(Task statement) Counting only the lines below that contain the word "JULY", what is the total? Give it with no other words.

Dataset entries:
____
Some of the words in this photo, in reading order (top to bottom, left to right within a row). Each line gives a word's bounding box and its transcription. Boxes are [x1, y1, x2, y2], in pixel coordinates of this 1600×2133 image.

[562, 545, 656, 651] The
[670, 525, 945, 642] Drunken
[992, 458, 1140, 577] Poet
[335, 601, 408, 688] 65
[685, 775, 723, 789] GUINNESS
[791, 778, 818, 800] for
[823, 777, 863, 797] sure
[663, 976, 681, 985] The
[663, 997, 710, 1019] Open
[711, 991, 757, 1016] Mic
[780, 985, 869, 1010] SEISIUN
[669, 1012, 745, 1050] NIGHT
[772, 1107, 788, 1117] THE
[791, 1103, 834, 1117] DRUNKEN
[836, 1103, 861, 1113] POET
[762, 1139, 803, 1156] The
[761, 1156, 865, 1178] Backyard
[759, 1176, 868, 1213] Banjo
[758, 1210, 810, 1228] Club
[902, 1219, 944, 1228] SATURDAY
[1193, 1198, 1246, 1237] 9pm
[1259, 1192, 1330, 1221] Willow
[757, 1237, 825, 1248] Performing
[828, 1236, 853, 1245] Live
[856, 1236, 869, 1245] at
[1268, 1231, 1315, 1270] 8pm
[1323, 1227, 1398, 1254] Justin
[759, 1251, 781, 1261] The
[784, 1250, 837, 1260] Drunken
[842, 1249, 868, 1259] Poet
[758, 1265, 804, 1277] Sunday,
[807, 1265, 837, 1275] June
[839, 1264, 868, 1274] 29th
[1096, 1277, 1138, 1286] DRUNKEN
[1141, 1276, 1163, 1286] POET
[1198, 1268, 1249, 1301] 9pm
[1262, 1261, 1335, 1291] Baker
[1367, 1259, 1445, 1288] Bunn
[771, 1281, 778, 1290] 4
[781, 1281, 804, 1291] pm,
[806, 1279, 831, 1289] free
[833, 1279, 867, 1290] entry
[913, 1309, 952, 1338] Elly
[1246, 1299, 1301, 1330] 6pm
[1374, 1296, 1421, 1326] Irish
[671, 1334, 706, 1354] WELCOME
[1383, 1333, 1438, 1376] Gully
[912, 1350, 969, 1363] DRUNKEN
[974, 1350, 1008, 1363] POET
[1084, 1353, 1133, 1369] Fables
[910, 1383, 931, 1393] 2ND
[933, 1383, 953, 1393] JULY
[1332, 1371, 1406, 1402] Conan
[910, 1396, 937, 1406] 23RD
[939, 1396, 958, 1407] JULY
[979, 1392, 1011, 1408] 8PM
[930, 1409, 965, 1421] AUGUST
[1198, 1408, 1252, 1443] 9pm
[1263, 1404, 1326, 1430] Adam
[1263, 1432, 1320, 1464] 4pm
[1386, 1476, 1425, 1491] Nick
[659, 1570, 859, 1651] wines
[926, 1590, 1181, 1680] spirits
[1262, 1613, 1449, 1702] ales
____
(Response to the exercise) 2